The Moslems, on their part, it is but fair to say, were possessed of the same doubts of the Christians, and had answers to accusations always ready. The surprises, captures, and abductions were the unlicensed savageries of brigands, of whom they never knew one not a Greek; while the music and flags belonged to the militia.

Six or seven miles above Scutari a small river, born in the adjacent highlands, runs merrily down to meet and mingle with the tideless Bosphorus. The water it yields is clear and fresh; whence the name of the stream, The Sweet Waters of Asia. On its south side there is a prairie-like stretch, narrow, but green and besprent with an orchard of sycamores old and gnarled, and now much frequented on Mohammedan Sundays by ladies of the harems, who contrive to make it very gay. No doubt the modest river, and the grass and great trees were just as attractive ages before the first Amurath, with an army at his heels, halted there for a night. From that time, however, it was banned by the Greeks; and for a reason.

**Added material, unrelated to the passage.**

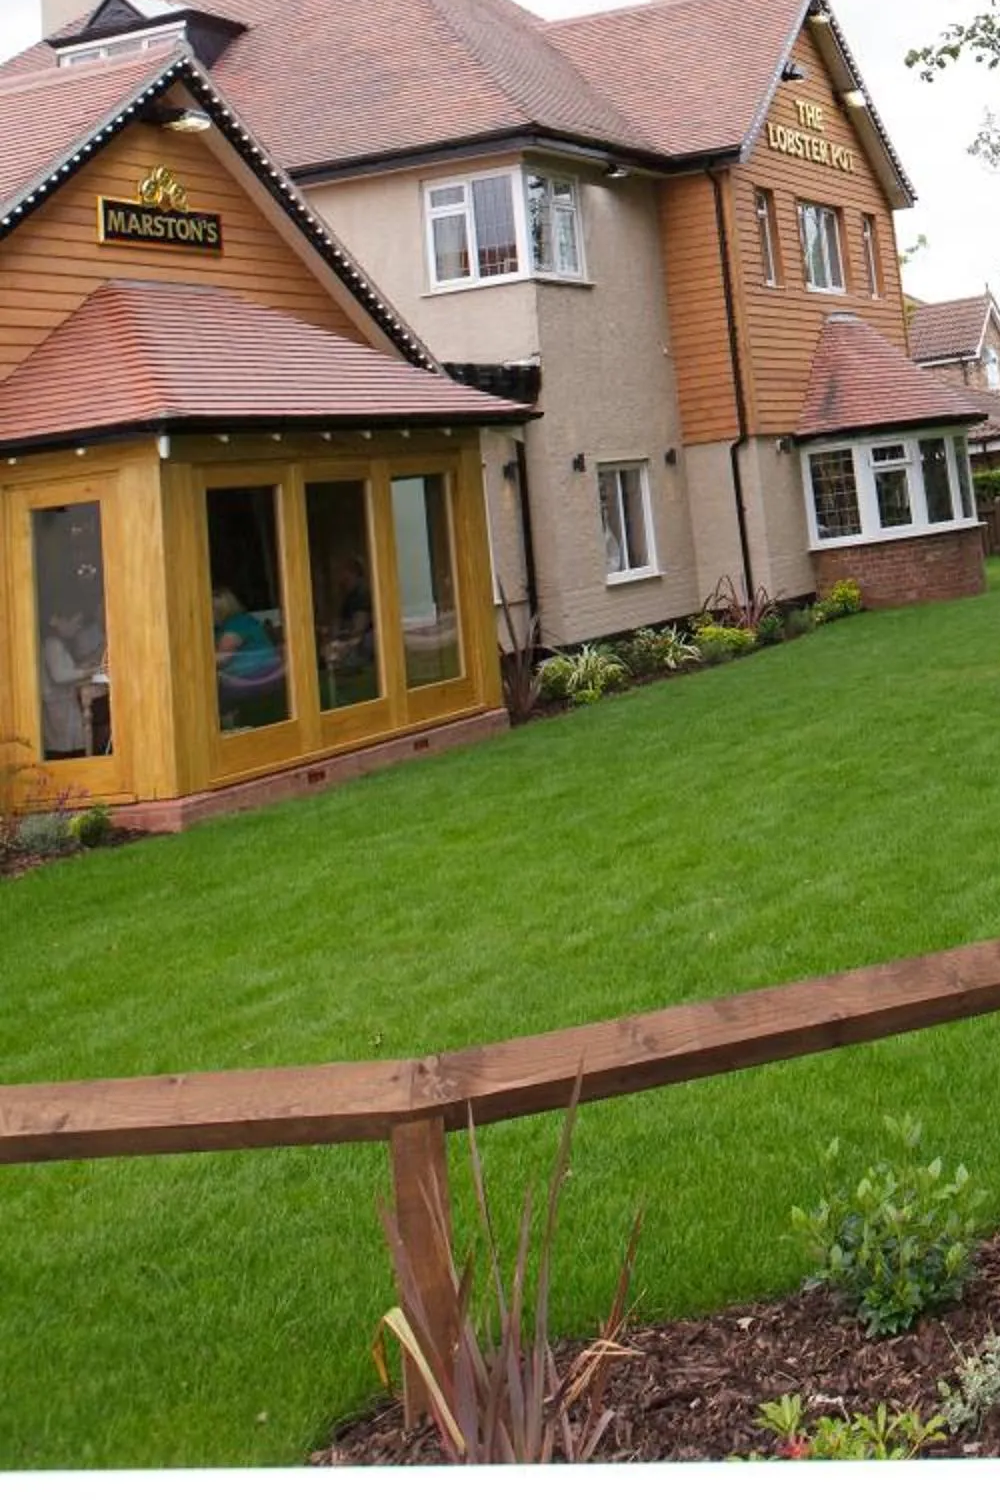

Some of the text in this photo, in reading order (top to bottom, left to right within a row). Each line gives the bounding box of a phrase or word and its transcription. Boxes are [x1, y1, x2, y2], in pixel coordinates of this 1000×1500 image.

On the north bank of the little river there was a fortress known as the White Castle. An irregular, many-angled pile of undressed stone heavily merloned on top, its remarkable feature was a tall donjon which a dingy white complexion made visible a great distance, despite its freckling of loopholes and apertures for machine artillery. Seeing its military importance, the Sultan left a garrison to hold it. He was also pleased to change its name to Acce-Chisar.